OK, Mac, I will try to give a brief summary of the rest of Ben's holes:
#2 - medium par-4. Tee shot over low ridges protruding in from the right and the left; second shot to green in saddle between two small hills. Best hole on his routing by far, although the tee is on an upslope and he probably can't see as much of the hole as he would like to. Might be able to extend the tee further up on the map, to hit over the hollow off the tee and make it a par five.
#3 is his small Dell hole, already commented.
#4 is a short par-4, hillside on the left of the fairway all the way ... a bit like #14 at Ballyneal.
#5 is a decent par-5, just over bottom of valley to landing area, then 18-20 feet back uphill to a skyline green.

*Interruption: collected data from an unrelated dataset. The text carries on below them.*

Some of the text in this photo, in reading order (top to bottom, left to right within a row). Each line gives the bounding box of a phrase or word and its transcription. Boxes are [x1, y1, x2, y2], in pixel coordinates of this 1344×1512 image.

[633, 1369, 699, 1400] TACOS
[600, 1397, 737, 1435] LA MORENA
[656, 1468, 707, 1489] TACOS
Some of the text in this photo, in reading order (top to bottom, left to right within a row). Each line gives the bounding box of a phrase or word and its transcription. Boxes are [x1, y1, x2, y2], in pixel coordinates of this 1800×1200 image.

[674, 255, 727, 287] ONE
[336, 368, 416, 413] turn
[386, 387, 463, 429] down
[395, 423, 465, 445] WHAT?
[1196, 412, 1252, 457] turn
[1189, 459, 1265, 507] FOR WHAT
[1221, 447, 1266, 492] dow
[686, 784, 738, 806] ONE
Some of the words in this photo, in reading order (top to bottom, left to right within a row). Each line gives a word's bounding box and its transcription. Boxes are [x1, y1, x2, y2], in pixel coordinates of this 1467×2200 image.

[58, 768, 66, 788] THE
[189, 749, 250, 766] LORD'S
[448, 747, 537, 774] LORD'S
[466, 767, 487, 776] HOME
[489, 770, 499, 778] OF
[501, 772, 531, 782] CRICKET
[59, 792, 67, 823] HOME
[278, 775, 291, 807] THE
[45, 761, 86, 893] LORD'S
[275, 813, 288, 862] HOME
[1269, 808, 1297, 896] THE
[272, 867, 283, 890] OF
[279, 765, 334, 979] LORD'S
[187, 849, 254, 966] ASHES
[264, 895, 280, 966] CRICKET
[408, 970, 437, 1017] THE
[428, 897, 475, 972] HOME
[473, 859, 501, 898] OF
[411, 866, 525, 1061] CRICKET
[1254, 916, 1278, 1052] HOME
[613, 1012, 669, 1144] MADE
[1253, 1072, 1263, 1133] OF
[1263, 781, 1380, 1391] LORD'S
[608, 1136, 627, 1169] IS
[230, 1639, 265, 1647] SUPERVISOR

#6 is a par-3 out along a narrow ridge, falling away to both sides. Think #2 at Kingsley, but not as severe.
#7 is probably the weakest hole. Drive diagonally down into narrow valley; pull it a bit left and you run into a steep bank on the far side. But then the second shot is to a green site that falls away too steeply, and would require fill, unless I've got the scale all wrong here. If the green and tee slid back to the south 100 feet this would be much better.
#8 I'm going to take a wild guess that this is where Charlie stitched his two maps together, because the topo was really hard to read here ... the fairway and green are along a narrow ridge that comes up 8 feet from the last dark contour on the left, flattens off briefly, and then goes back down 8 feet to the dark contour on the right. Not many landforms that make a transition like that. Anyway, routing along the ridge is a cool idea, but it's very narrow and steep to both sides, so probably needs earthwork in the landing area and on the green.
#9 plays downhill over a bump on the right to the bottom of a valley, then turns and comes back uphill to a green set on top of a narrow ridge, with a steep fall at the right front and back of the green. Probably too severe for a green site, requiring some earthwork, and certainly an aerial approach.